- _ENTRIES SHOWN_:

====

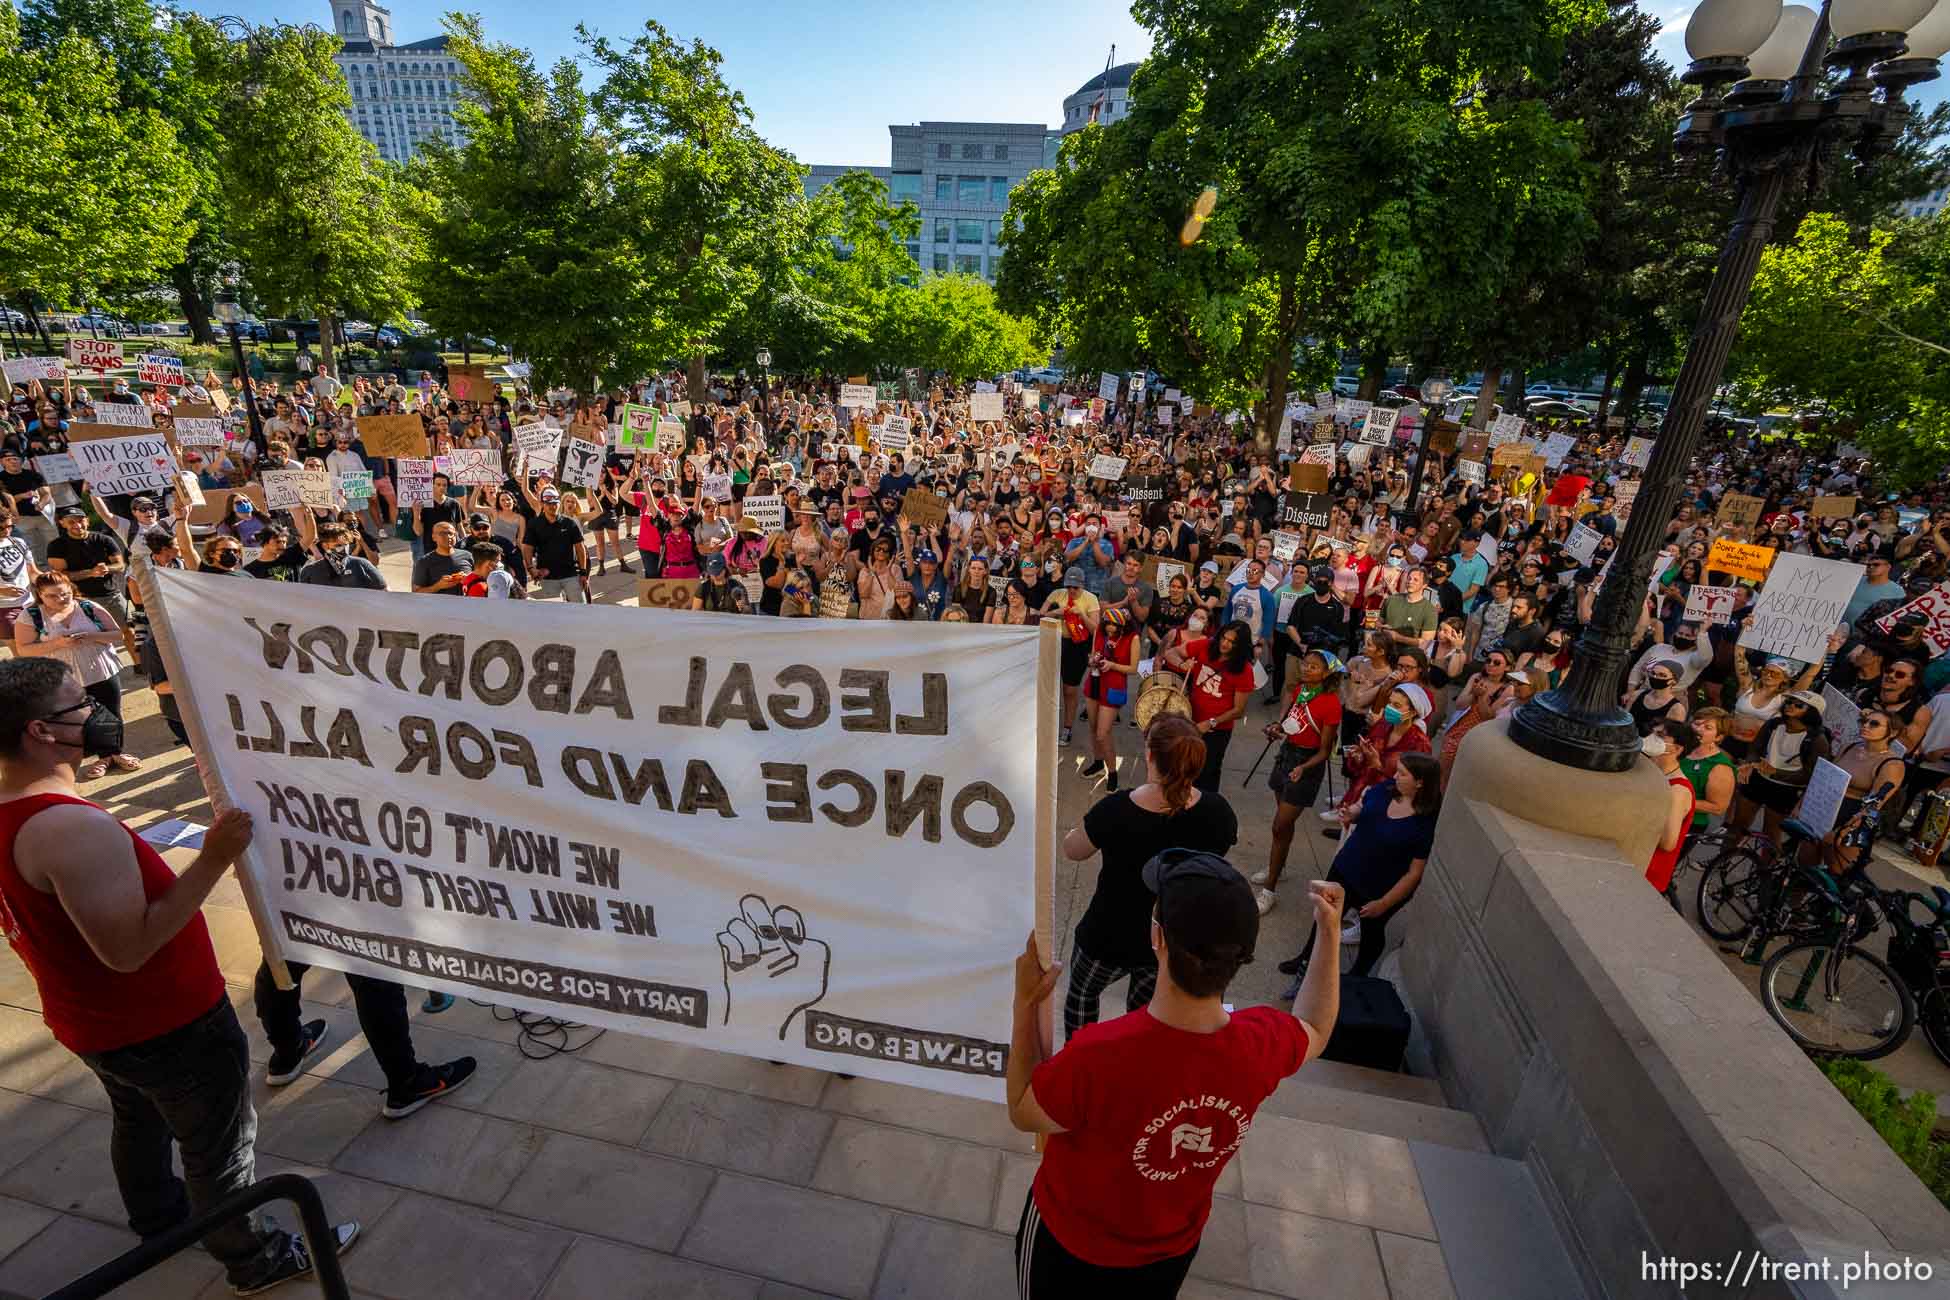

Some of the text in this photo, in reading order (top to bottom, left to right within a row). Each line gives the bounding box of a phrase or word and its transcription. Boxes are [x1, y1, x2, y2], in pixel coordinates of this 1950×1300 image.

[73, 338, 116, 354] STOP
[80, 353, 123, 368] BANS
[136, 354, 182, 368] A WOMAN
[137, 363, 181, 375] IS NOT AN
[1369, 426, 1386, 434] FIGHT
[83, 439, 172, 464] MY BODY
[117, 460, 146, 475] MY
[404, 460, 427, 469] TRUST
[265, 472, 324, 484] ABORTION
[573, 475, 586, 486] ME
[267, 490, 301, 504] HUMAN
[400, 490, 433, 501] CHOICE
[1129, 487, 1163, 500] Dissent
[743, 500, 780, 508] LEGALIZE
[1305, 495, 1313, 510] I
[743, 509, 780, 517] ABORTION
[1285, 506, 1328, 528] Dissent
[1583, 528, 1602, 541] COMING
[1786, 567, 1832, 594] MY
[1697, 586, 1720, 596] DARE
[1722, 589, 1737, 599] YOU
[1686, 608, 1729, 621] TO TAKE IT
[1758, 591, 1846, 625] ABORTION
[1752, 613, 1830, 650] AVED MY
[1144, 1094, 1232, 1135] SOCIALISM
[1228, 1105, 1242, 1118] &
[1132, 1136, 1151, 1161] FOR
[1135, 1162, 1179, 1181] PARTY

====

- _AIM OF THE EXERCISE_:
Nothing but the text is wanted: repeat the data above exactly, without its images.

- _RESPONSE BELOW_:
Some of the text in this photo, in reading order (top to bottom, left to right within a row). Each line gives the bounding box of a phrase or word and its transcription. Boxes are [x1, y1, x2, y2], in pixel coordinates of this 1950×1300 image.

[73, 338, 116, 354] STOP
[80, 353, 123, 368] BANS
[136, 354, 182, 368] A WOMAN
[137, 363, 181, 375] IS NOT AN
[1369, 426, 1386, 434] FIGHT
[83, 439, 172, 464] MY BODY
[117, 460, 146, 475] MY
[404, 460, 427, 469] TRUST
[265, 472, 324, 484] ABORTION
[573, 475, 586, 486] ME
[267, 490, 301, 504] HUMAN
[400, 490, 433, 501] CHOICE
[1129, 487, 1163, 500] Dissent
[743, 500, 780, 508] LEGALIZE
[1305, 495, 1313, 510] I
[743, 509, 780, 517] ABORTION
[1285, 506, 1328, 528] Dissent
[1583, 528, 1602, 541] COMING
[1786, 567, 1832, 594] MY
[1697, 586, 1720, 596] DARE
[1722, 589, 1737, 599] YOU
[1686, 608, 1729, 621] TO TAKE IT
[1758, 591, 1846, 625] ABORTION
[1752, 613, 1830, 650] AVED MY
[1144, 1094, 1232, 1135] SOCIALISM
[1228, 1105, 1242, 1118] &
[1132, 1136, 1151, 1161] FOR
[1135, 1162, 1179, 1181] PARTY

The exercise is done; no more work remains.